(Source material begins)

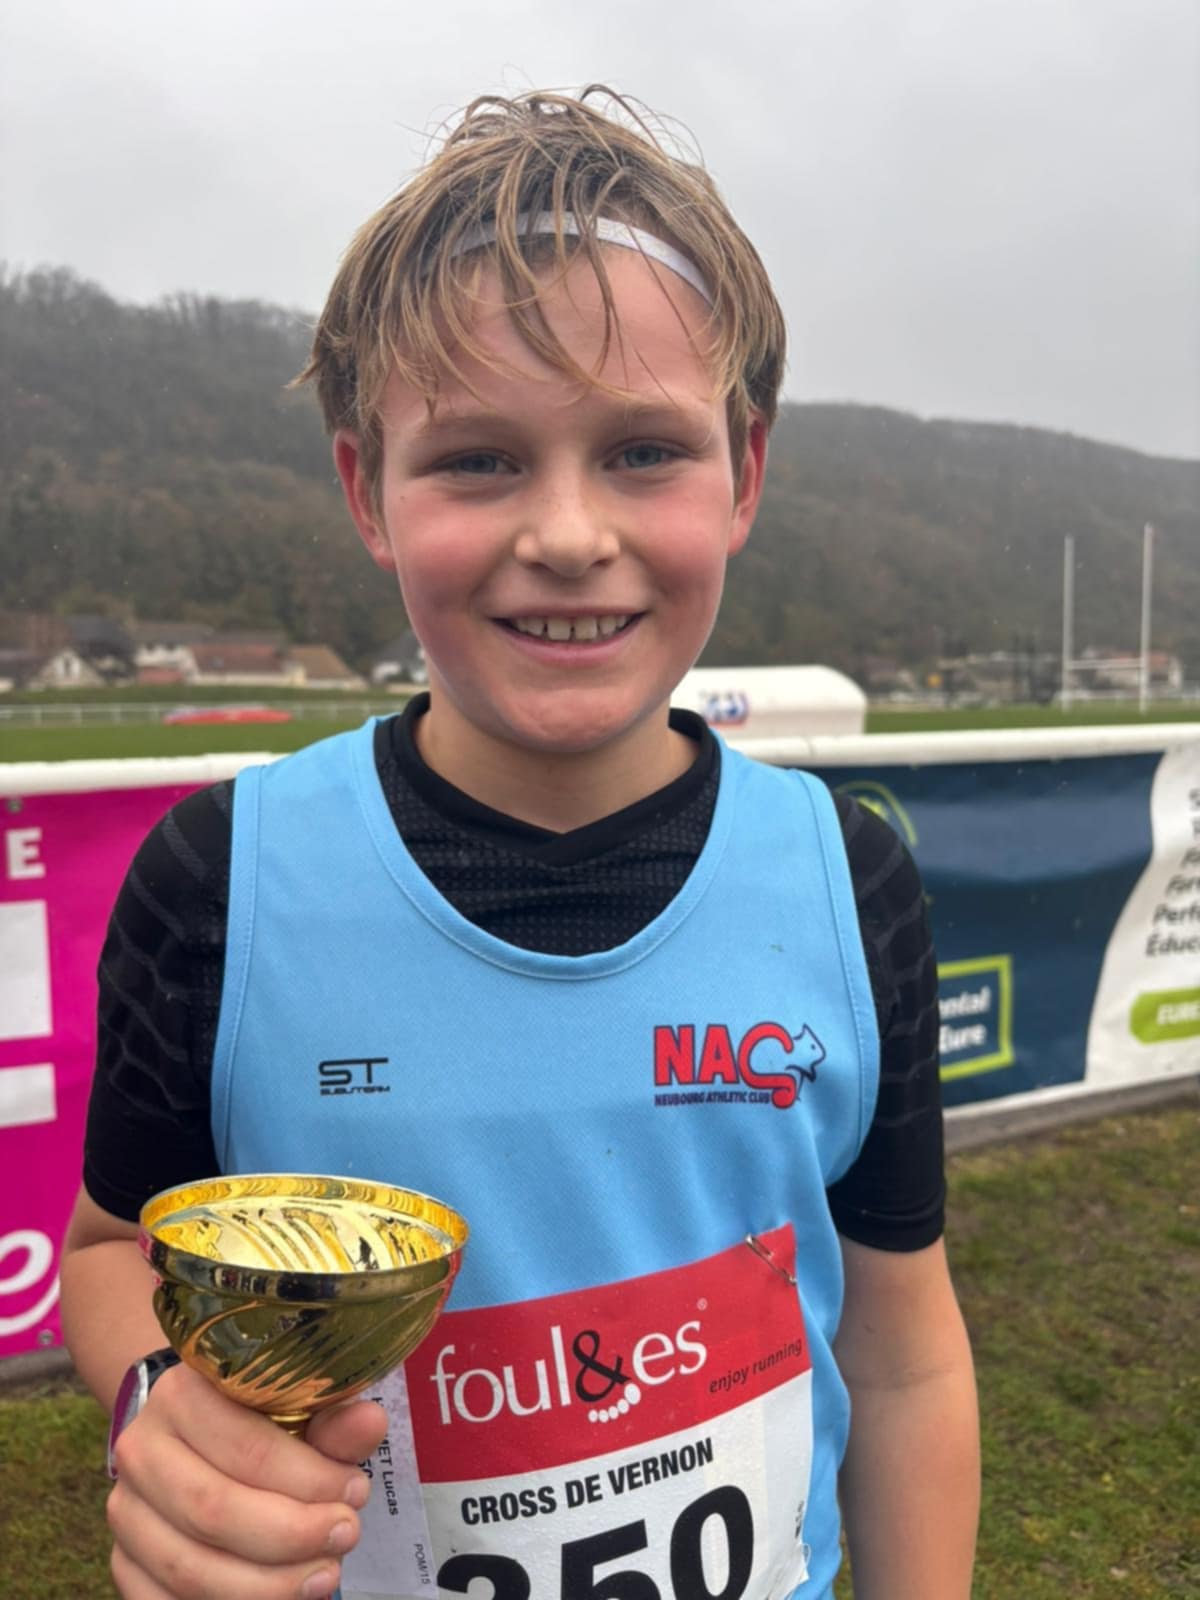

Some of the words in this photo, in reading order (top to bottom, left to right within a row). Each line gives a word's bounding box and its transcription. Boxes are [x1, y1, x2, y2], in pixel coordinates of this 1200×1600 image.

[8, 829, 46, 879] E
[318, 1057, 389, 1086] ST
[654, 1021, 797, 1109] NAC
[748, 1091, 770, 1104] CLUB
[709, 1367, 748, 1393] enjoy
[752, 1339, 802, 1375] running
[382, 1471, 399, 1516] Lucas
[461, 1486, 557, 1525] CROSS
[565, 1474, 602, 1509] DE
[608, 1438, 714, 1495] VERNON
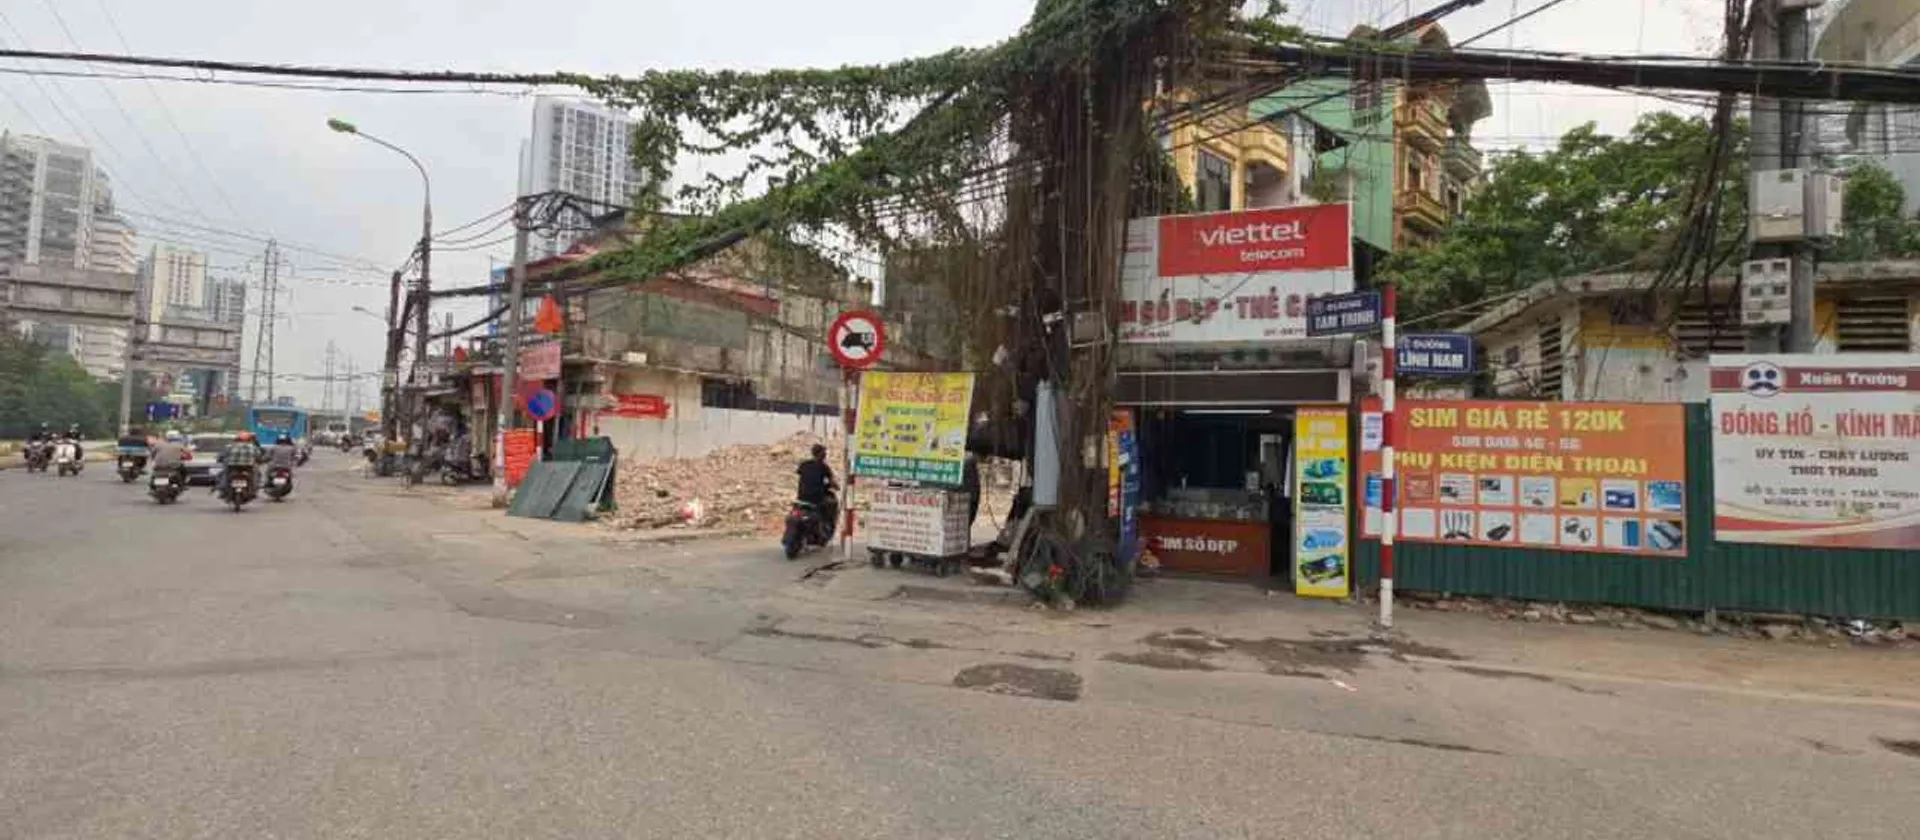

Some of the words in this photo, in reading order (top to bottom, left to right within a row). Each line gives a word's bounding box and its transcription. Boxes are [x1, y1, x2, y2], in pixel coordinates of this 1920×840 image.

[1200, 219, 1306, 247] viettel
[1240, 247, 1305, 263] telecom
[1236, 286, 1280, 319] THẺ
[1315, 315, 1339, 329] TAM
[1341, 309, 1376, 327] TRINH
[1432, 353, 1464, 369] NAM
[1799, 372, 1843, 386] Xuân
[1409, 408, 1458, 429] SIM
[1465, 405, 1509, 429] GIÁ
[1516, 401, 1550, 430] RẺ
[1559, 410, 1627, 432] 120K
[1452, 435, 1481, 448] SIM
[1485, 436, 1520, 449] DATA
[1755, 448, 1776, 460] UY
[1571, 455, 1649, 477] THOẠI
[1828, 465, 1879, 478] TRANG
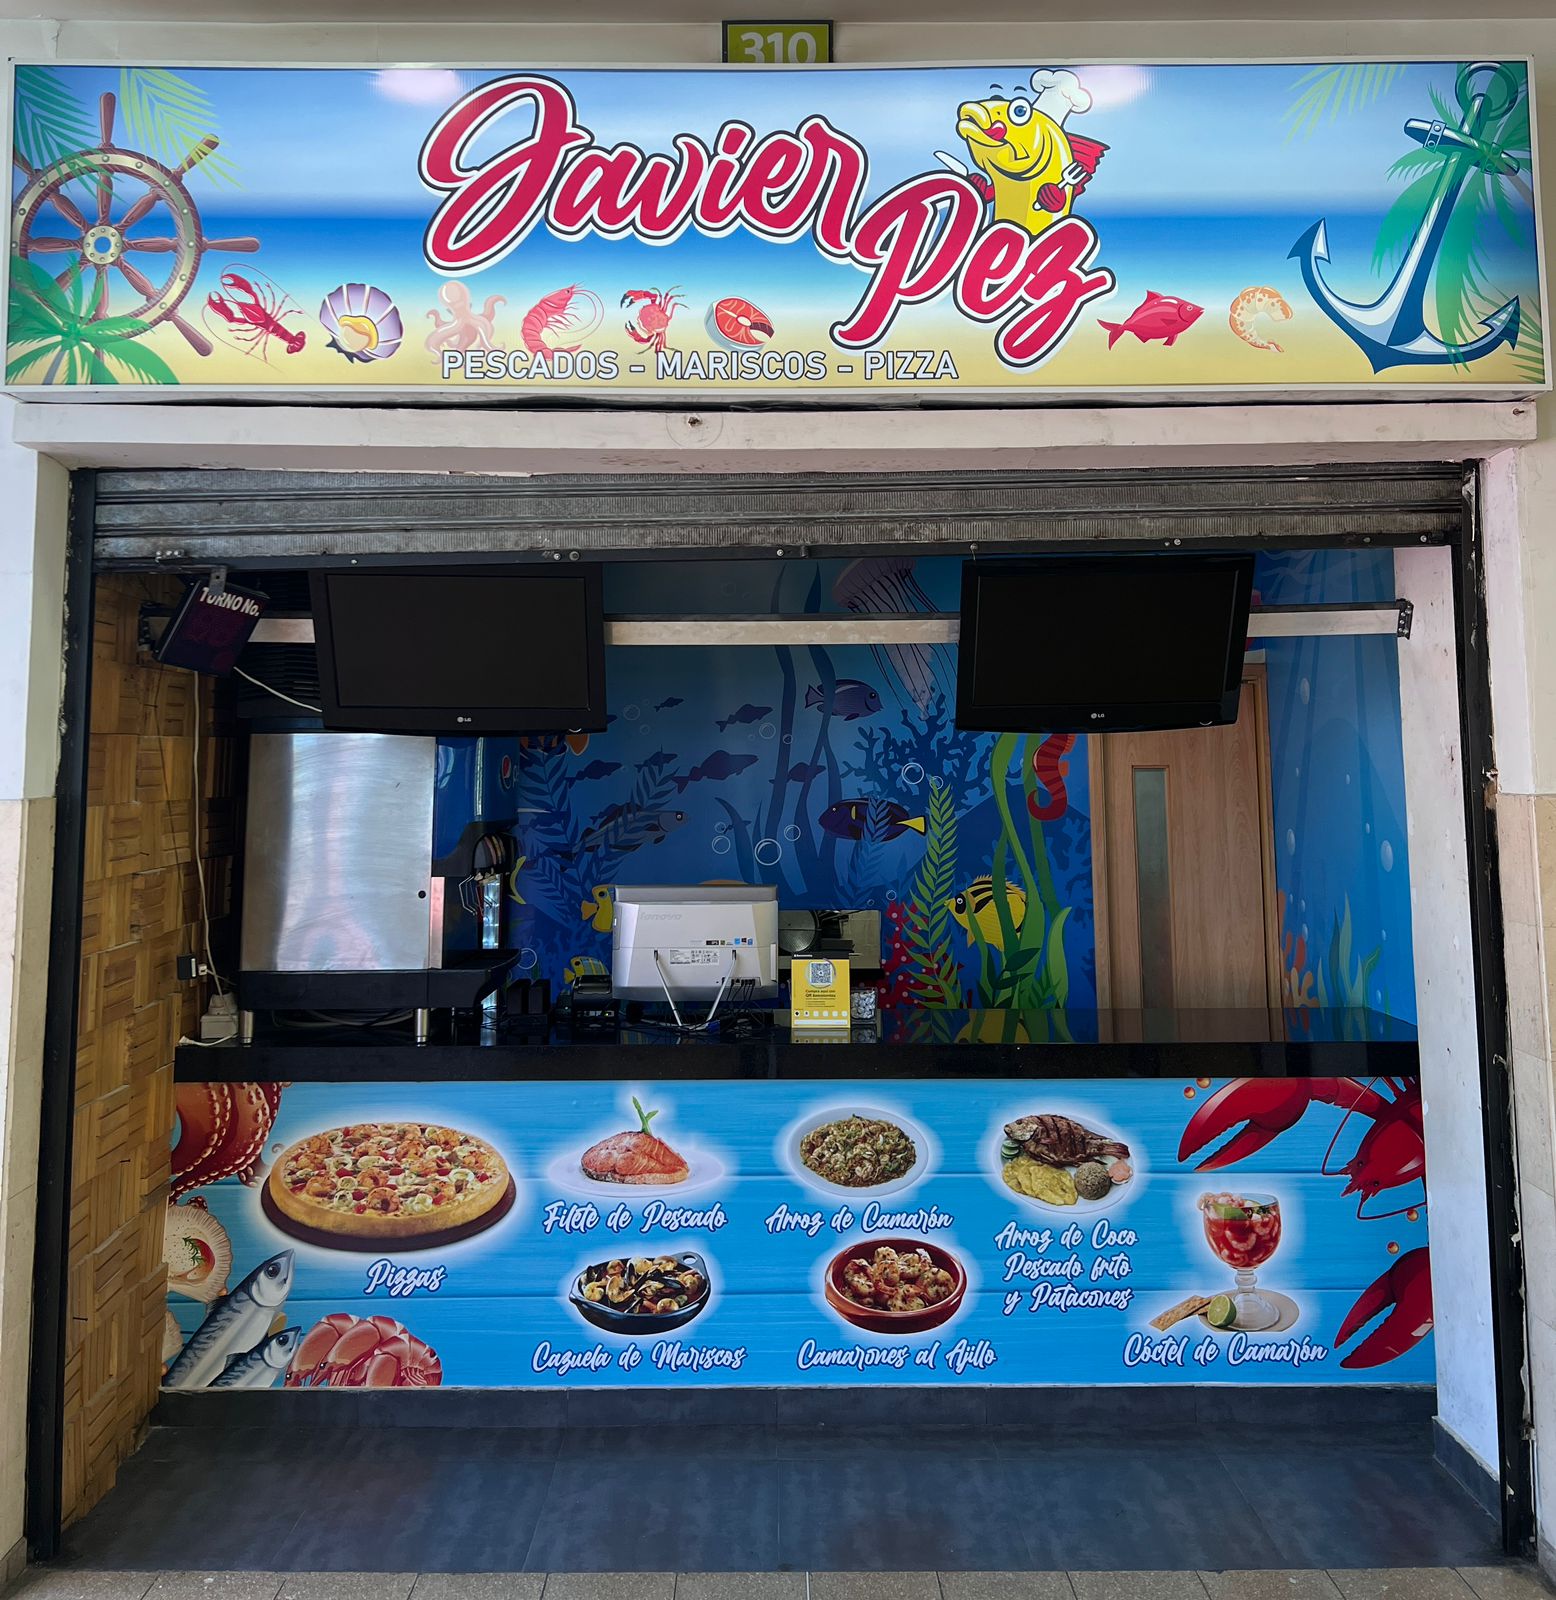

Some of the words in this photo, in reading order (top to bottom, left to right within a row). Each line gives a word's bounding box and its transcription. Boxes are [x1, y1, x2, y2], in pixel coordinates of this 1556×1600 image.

(Source material ends)

Copy the listing exactly. Any image in it stays out of the copy.

Output for this exercise
Some of the words in this photo, in reading order (top to bottom, left to right within a row). Each line gives a word's bounding box and its transcription. Boxes are [x1, y1, x2, y2], in pixel coordinates of this 1200×1600 image.

[8, 829, 46, 879] E
[318, 1057, 389, 1086] ST
[654, 1021, 797, 1109] NAC
[748, 1091, 770, 1104] CLUB
[709, 1367, 748, 1393] enjoy
[752, 1339, 802, 1375] running
[382, 1471, 399, 1516] Lucas
[461, 1486, 557, 1525] CROSS
[565, 1474, 602, 1509] DE
[608, 1438, 714, 1495] VERNON

Some of the words in this photo, in reading order (top to bottom, left to right within a row). Each line gives a word's bounding box and its transcription. Boxes are [x1, y1, x2, y2], in pixel coordinates of this 1920×840 image.

[1200, 219, 1306, 247] viettel
[1240, 247, 1305, 263] telecom
[1236, 286, 1280, 319] THẺ
[1315, 315, 1339, 329] TAM
[1341, 309, 1376, 327] TRINH
[1432, 353, 1464, 369] NAM
[1799, 372, 1843, 386] Xuân
[1409, 408, 1458, 429] SIM
[1465, 405, 1509, 429] GIÁ
[1516, 401, 1550, 430] RẺ
[1559, 410, 1627, 432] 120K
[1452, 435, 1481, 448] SIM
[1485, 436, 1520, 449] DATA
[1755, 448, 1776, 460] UY
[1571, 455, 1649, 477] THOẠI
[1828, 465, 1879, 478] TRANG

Some of the words in this photo, in reading order (top to bottom, left to right within a row). Each line gives a word's bounding box and its transcription. Boxes are [x1, y1, x2, y2], in pixel coordinates of this 1556×1600 image.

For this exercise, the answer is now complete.